Aunque tal amenaza no se cierne en términos formales sobre el resto de la “chiquillada” de partidos que forman el mosaico de nombres y siglas con registro (24 en total, según la información oficial del TSE actualizada hasta el 20 de marzo último), casi todos ellos cargan con el lastre del descrédito que impregna al conjunto del sistema político nacional.

Esto es parte de la crisis política e institucional que aqueja al país, de la cual hemos abordado algunos aspectos en esta columna semanal.

Suele decirse que toda crisis es también una oportunidad, y en este ámbito una de las facetas de la oportunidad consistiría en renovar tanto el abanico de opciones como las formas de hacer política en el país.

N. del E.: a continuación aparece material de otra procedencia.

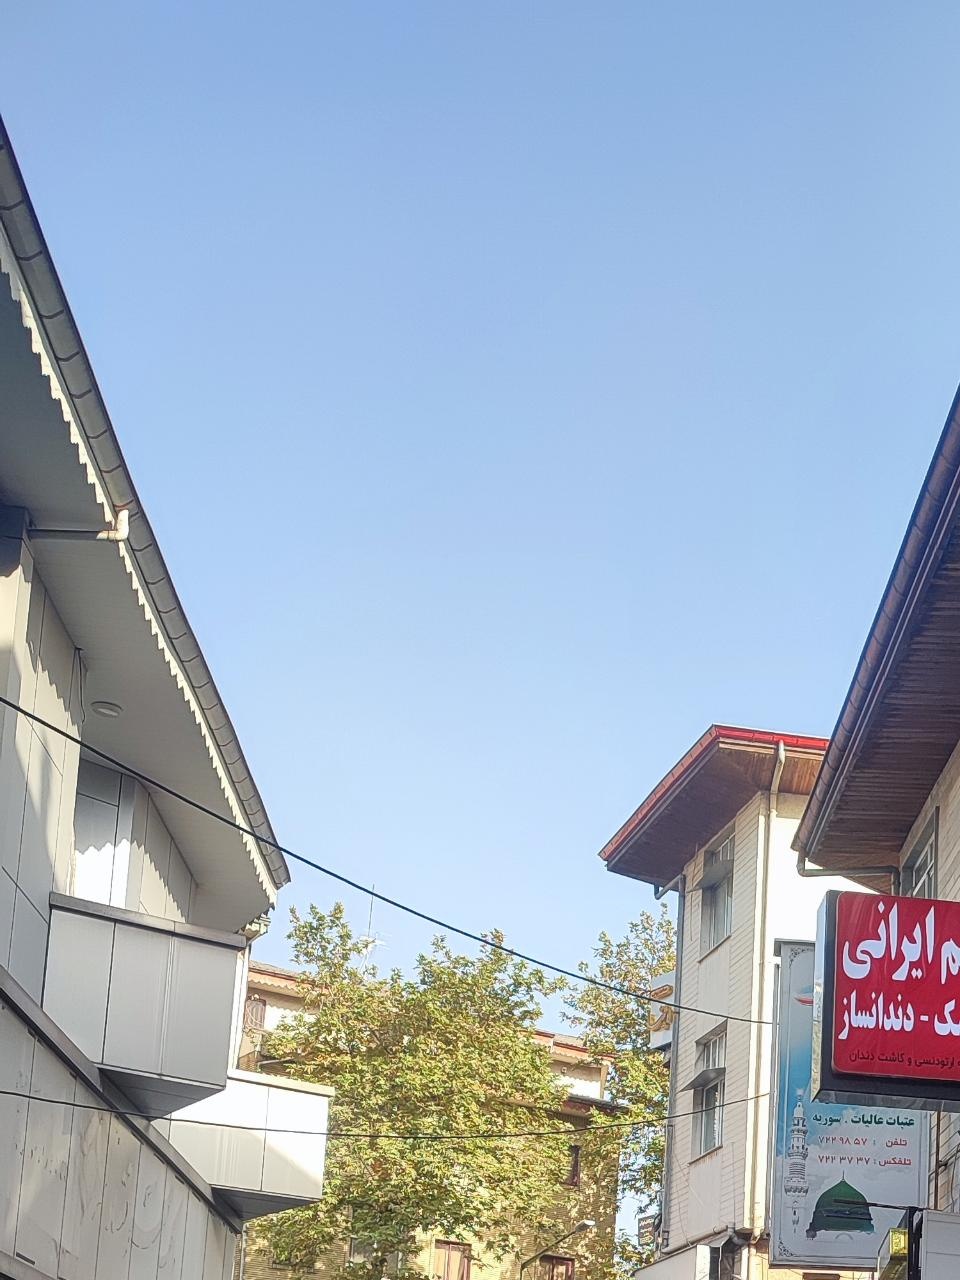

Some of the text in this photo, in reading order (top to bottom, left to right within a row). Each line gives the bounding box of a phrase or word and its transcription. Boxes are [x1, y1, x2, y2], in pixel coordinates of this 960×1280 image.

Renovación que apenas se está gestando, tanto en términos programáticos como orgánicos, en procesos que corren el riesgo de caer en la reproducción del sistema en crisis si no abrazan con energía el desafío de abrirse a la participación, democrática y militante, de las bases de los nuevos partidos, y de la construcción –también por vía democrática y participativa– de propuestas programáticas congruentes con el momento histórico que vive la sociedad guatemalteca.

La mala noticia, a juzgar por lo que trasciende a través de las redes sociales, es que ya están reverdeciento fuertes tendencias a “posicionar” figuras, “construir” carismas, “prefigurar” presidenciables, antes que a tomar en serio la necesidad de la renovación política del país.

Por eso resulta tan positivamente provocadora la columna publicada por Daniel Haering (elPeriódico, 20 de abril de 2017) bajo el título “¿Quo vadis derecha?”.

Aunque incurre en la ingenuidad de pedirle peras al olmo (esto es, que bajo las actuales circunstancias guatemaltecas surja una “derecha reformista”), tiene la virtud de poner el dedo sobre un renglón básico: el desafío de formular propuestas programáticas-partidarias que trasciendan lo electoral.

Y lo que Haering plantea como reto para “liberales y conservadores”, vale también para la otra ribera histórica del país: las corrientes democráticas, progresistas y de izquierda.

Unos y otros (los convocados por Haering y los del campo progresista), tenemos la oportunidad de renovar la práctica política abriéndonos al debate para la formulación de propuestas programáticas ahora inexistentes.

Sería lamentable que dejásemos pasar esa oportunidad.